Published: 6 Feb 2026, 10:12 AM IST (1 week ago)
Last Updated: 6 Feb 2026, 07:36 PM IST (1 week ago)
8 min read

RBI Shifts Inflation Outlook to 2.1%: Maintaining Stability Amid Firming Prices

Market snapshot: The Reserve Bank of India (RBI) has marginally revised its CPI inflation projection for FY26 to 2.1%, up from the previous estimate of 2.0%. While the figure remains well within the central bank's tolerance band of 4% +/- 2%, the revision indicates a subtle shift in the MPC's assessment of price dynamics. Concurrently, the Monetary Policy Committee (MPC) led by Governor Sanjay Malhotra decided to maintain the policy repo rate at 5.25%, following a series of cumulative cuts totaling 125 basis points since early 2025.

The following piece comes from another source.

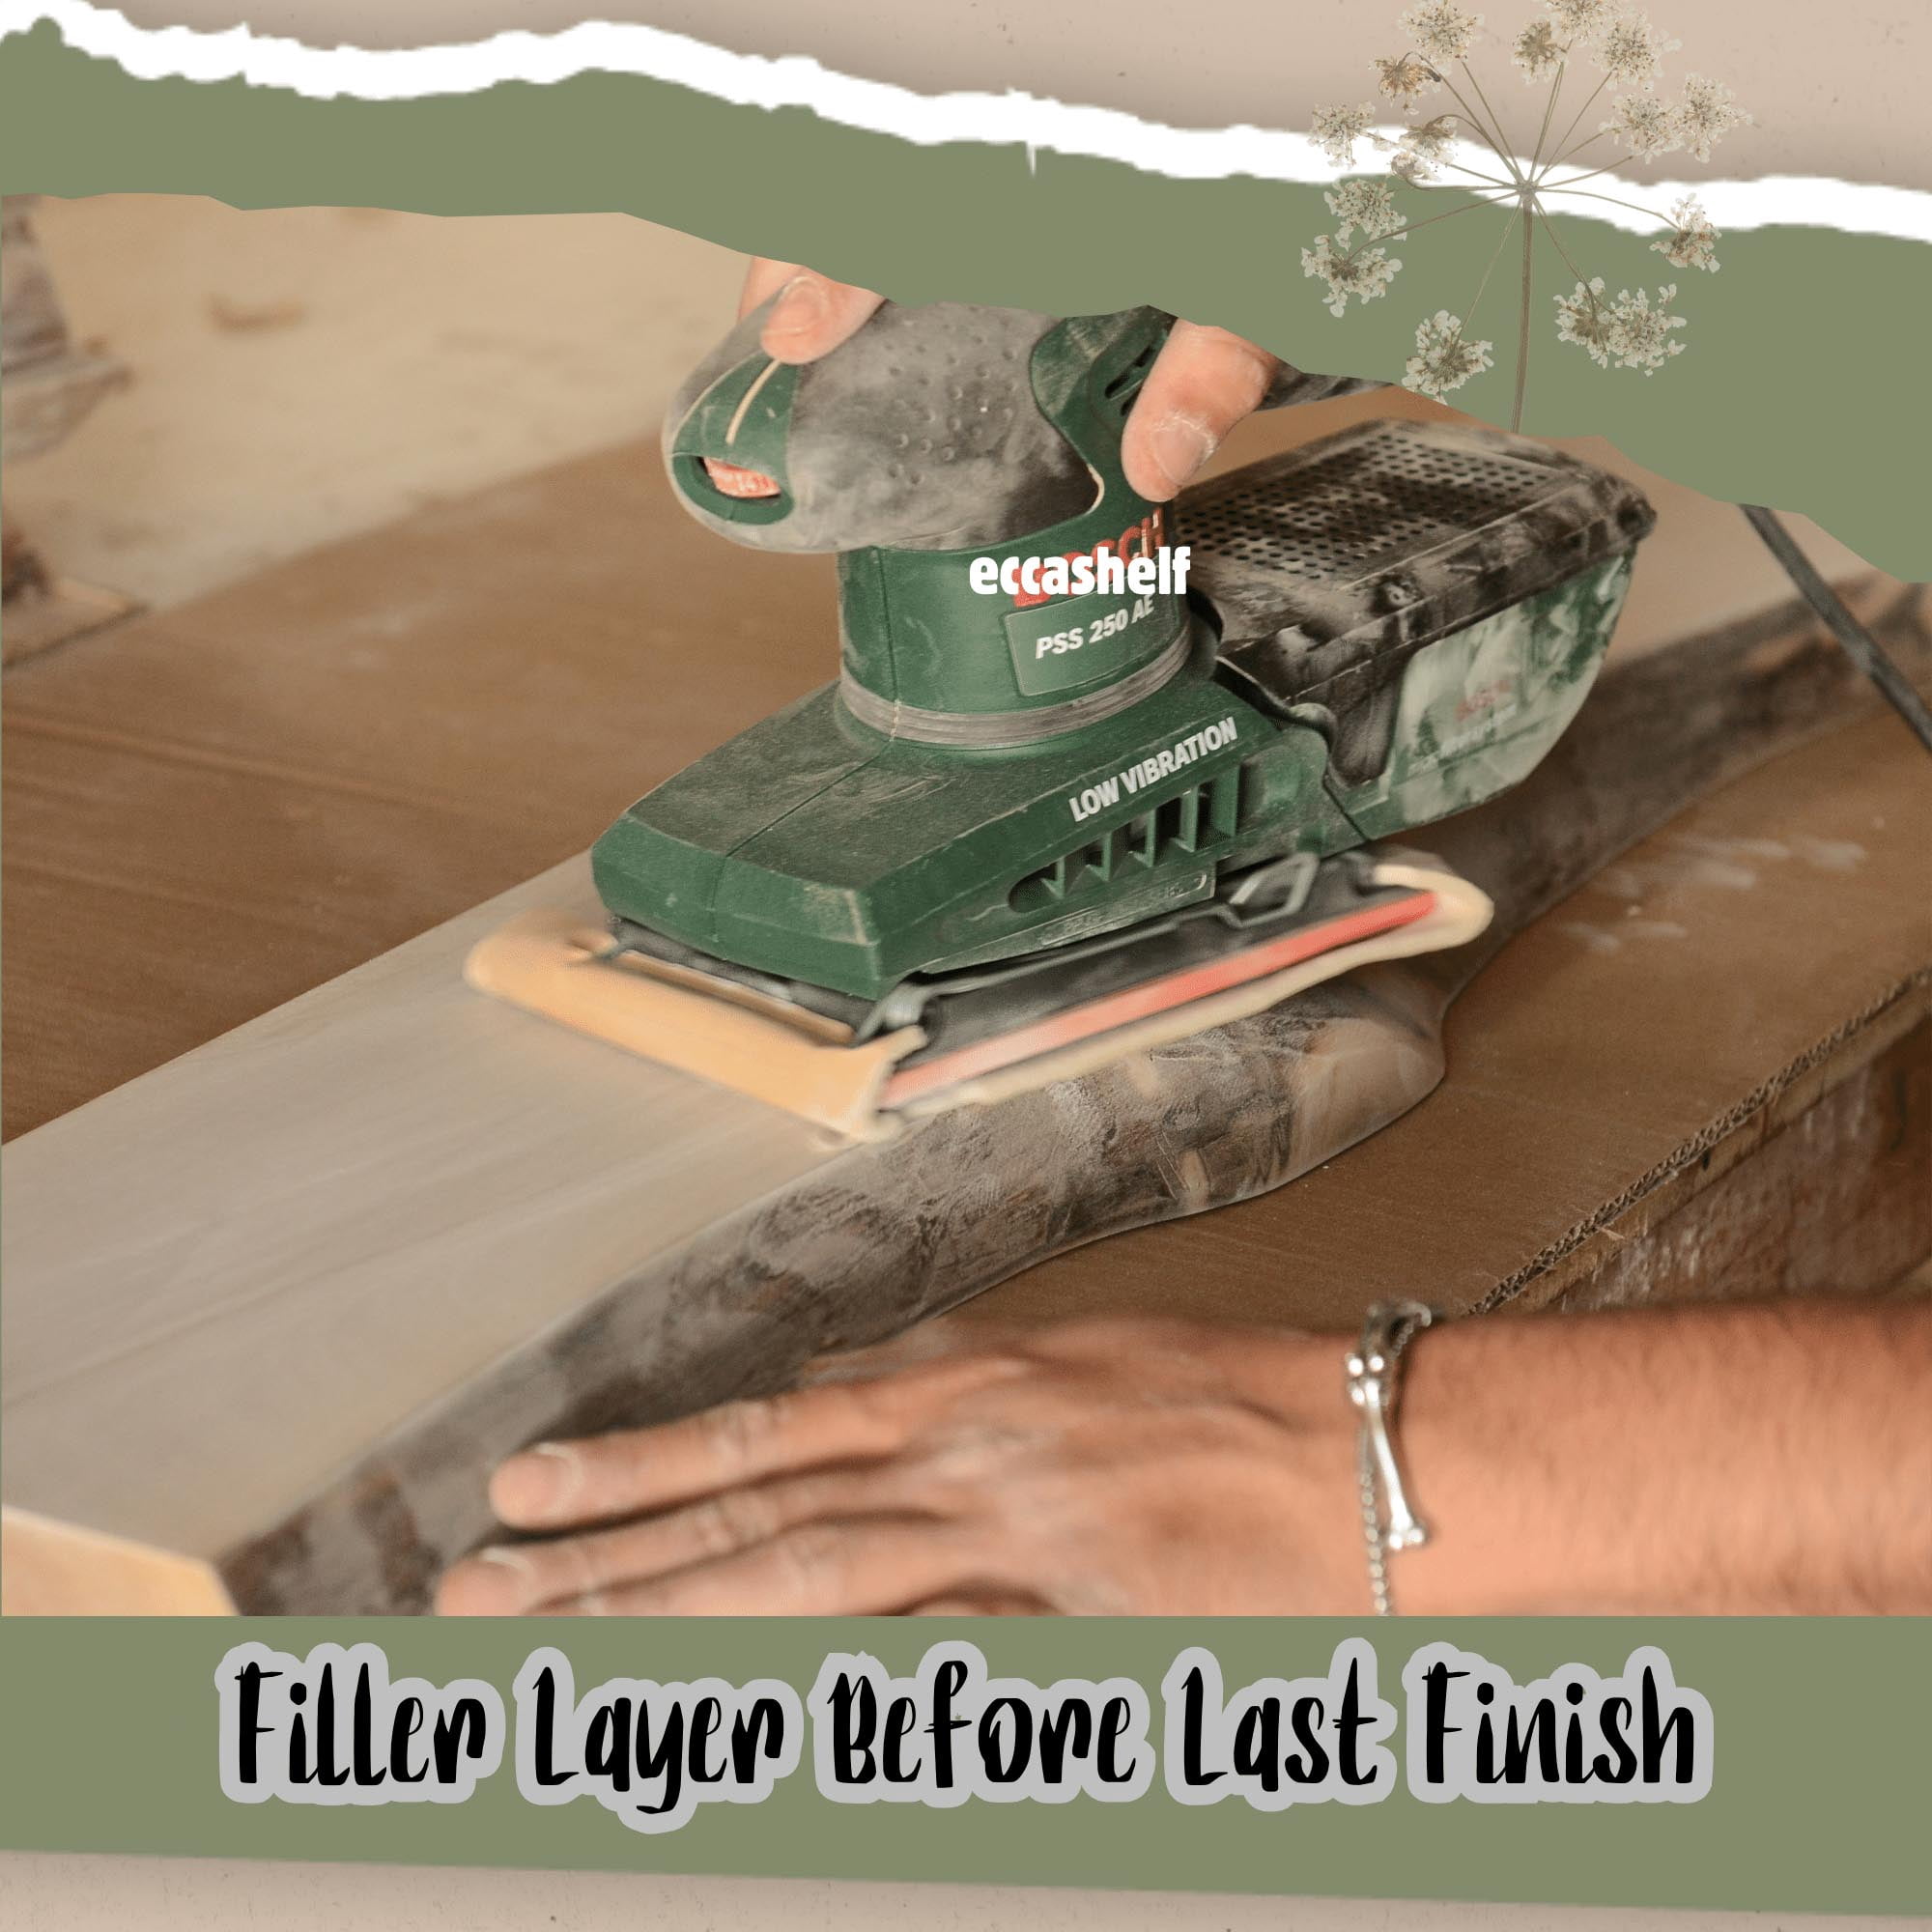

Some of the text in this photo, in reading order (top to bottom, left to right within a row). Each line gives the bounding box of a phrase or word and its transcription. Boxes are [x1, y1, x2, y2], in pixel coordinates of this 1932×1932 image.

[1035, 593, 1155, 660] PSS 250 AE
[1068, 716, 1238, 822] LOW VIBRATION

Summary: RBI raises FY26 inflation forecast to 2.1% from 2.0% while keeping repo rates steady at 5.25%, citing resilient 7.4% GDP growth and firming domestic price trends.

Key Takeaways

  • Inflation Revision: FY26 CPI projected at 2.1%, reflecting a 10bps increase from December 2025 estimates.
  • Monetary Policy: Repo rate remains unchanged at 5.25% with a 'neutral' stance maintained by the MPC.
  • Economic Resilience: India's FY26 GDP growth estimate remains robust at 7.4%, supported by strong domestic demand and recent trade pacts.

SAHI Perspective

The 10bps upward revision in inflation is likely a preemptive adjustment for normalizing base effects and stabilizing food prices after record lows in late 2025. By maintaining the repo rate at 5.25%, the RBI signalizes a pause in its aggressive easing cycle (125 bps cut in the last 12 months). This 'neutral' stance provides the central bank room to observe the impact of the newly announced Union Budget 2026 and the India-US trade deal on industrial input costs and export-led growth.

Closing Insight

India remains in a sweet spot of low inflation and high growth; the 2.1% projection confirms that the disinflationary peak has likely passed, and the focus is now on consolidating price stability at these lower levels.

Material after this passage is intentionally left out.